- _Problem description_
The records below are to be returned exactly as written, minus their pictures.

- _The input_
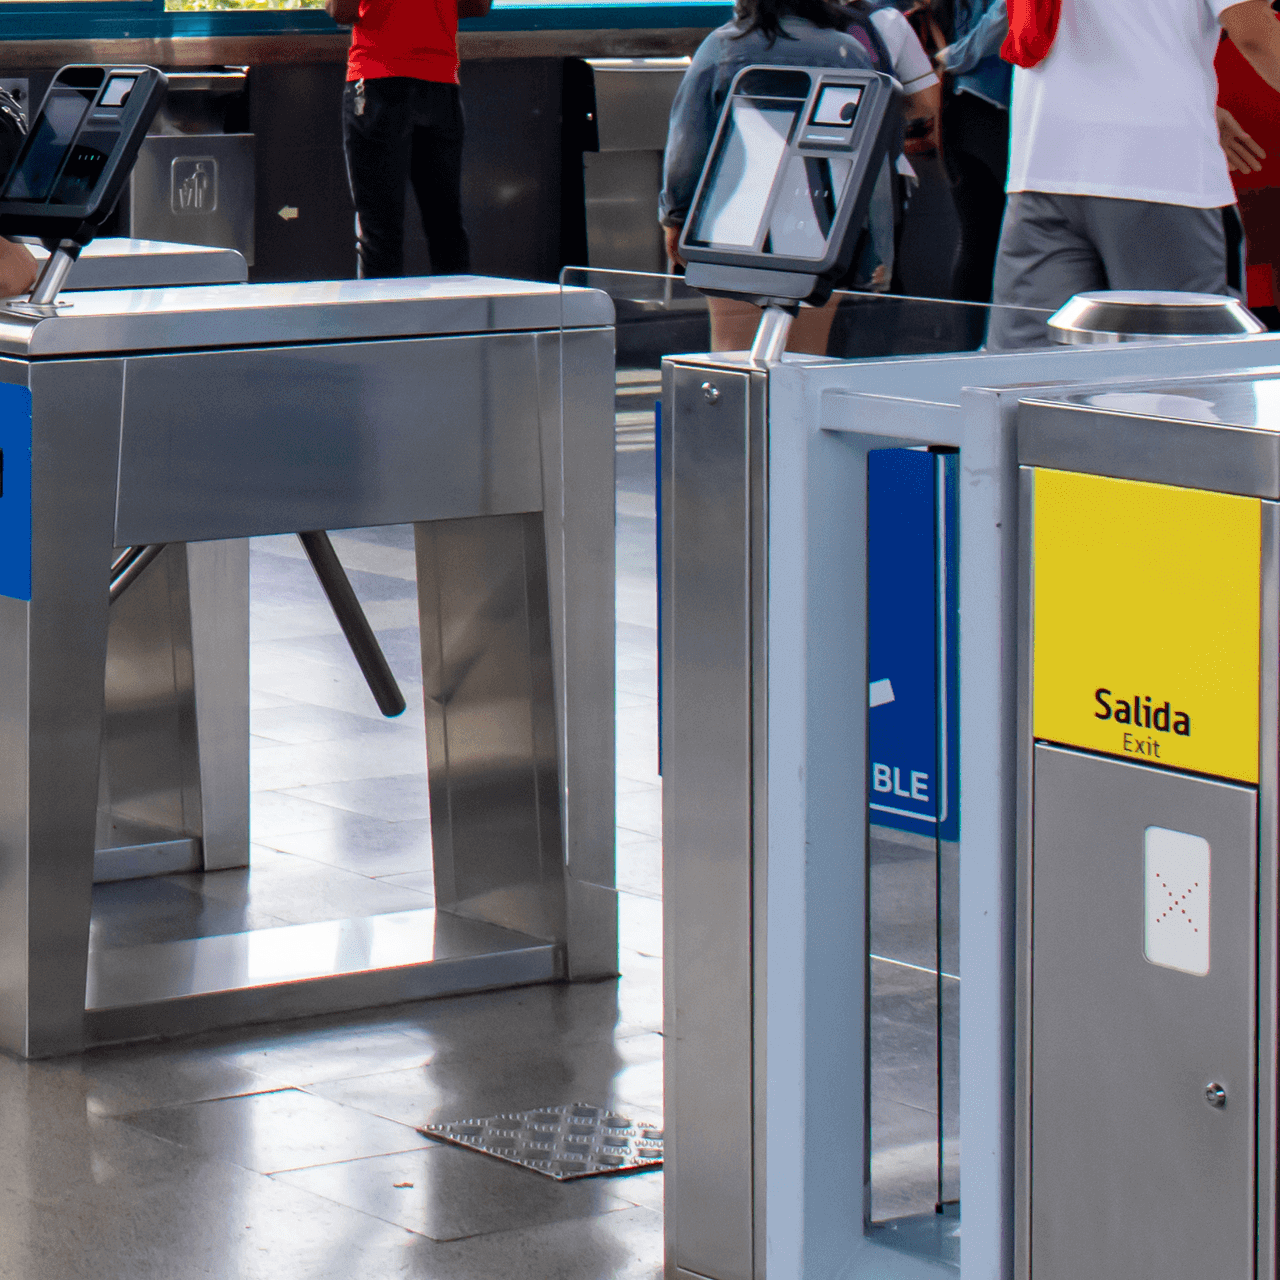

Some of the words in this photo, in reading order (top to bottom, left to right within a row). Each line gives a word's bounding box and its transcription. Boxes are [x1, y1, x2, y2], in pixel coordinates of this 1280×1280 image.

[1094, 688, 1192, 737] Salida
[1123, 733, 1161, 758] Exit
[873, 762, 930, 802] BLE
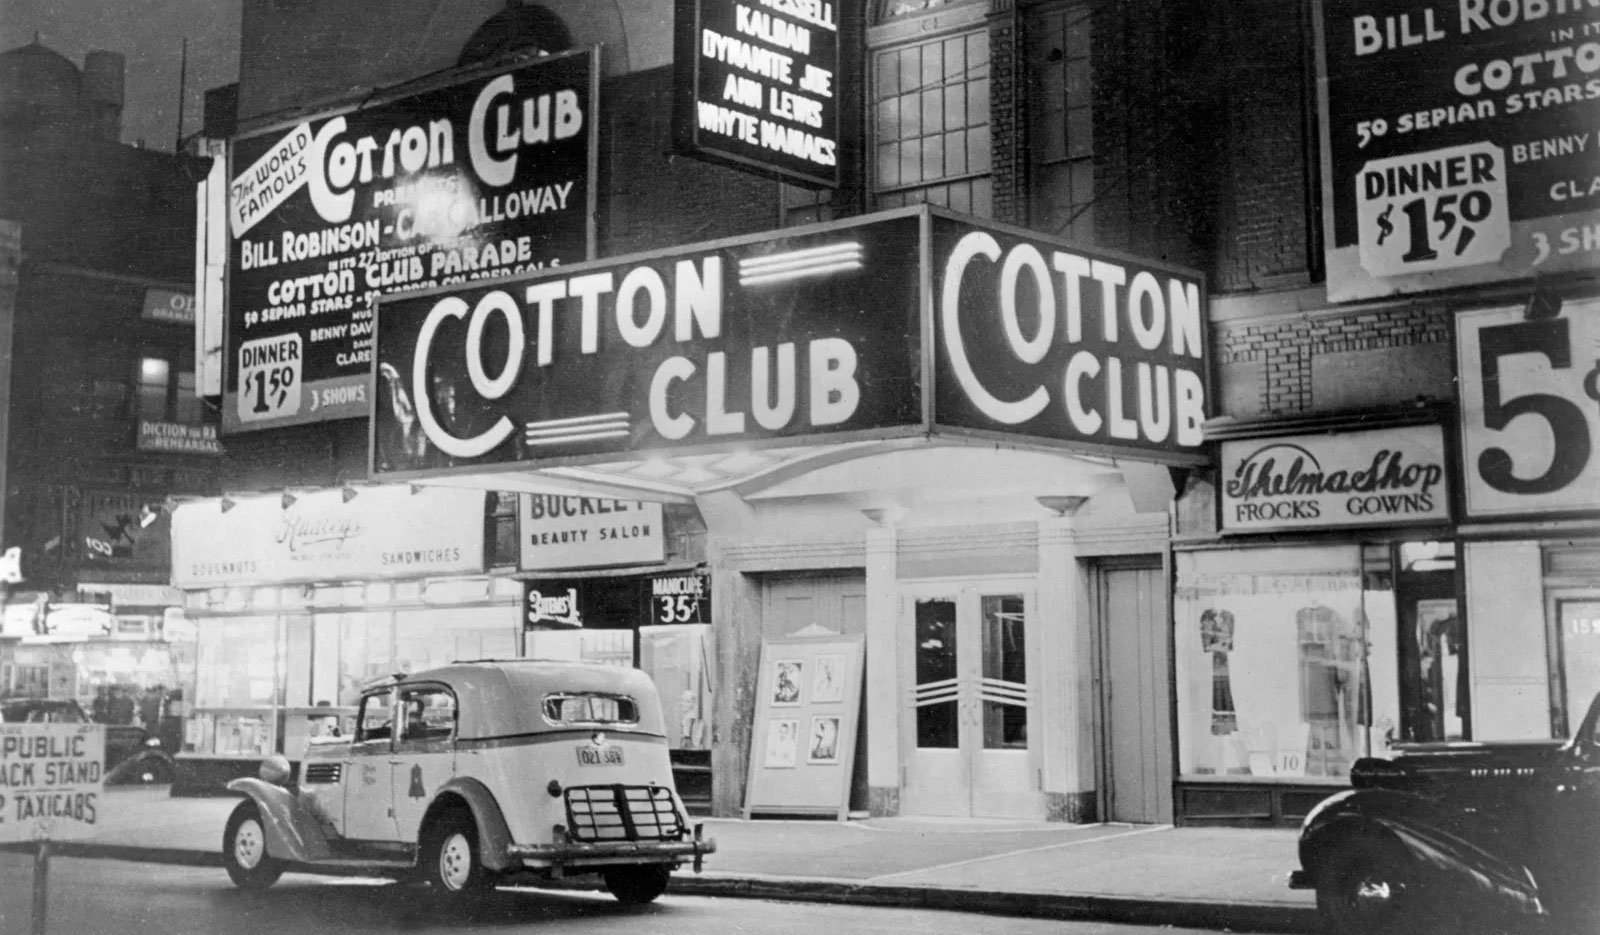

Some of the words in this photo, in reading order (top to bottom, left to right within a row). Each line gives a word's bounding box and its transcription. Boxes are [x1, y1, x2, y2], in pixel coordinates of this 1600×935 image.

- _Answer to the problem_
Some of the words in this photo, in reading order (top to bottom, left to right within a row). Each line gives a word's bounding box and its transcription. Boxes are [x1, y1, x2, y2], in pixel coordinates of this 1280×1280 image.

[1094, 688, 1192, 737] Salida
[1123, 733, 1161, 758] Exit
[873, 762, 930, 802] BLE

Some of the words in this photo, in reading order (top to bottom, left to right within a row). Each line gives a word's bounding box and its transcription. Boxes are [x1, y1, x2, y2], in pixel coordinates of this 1600×935 image.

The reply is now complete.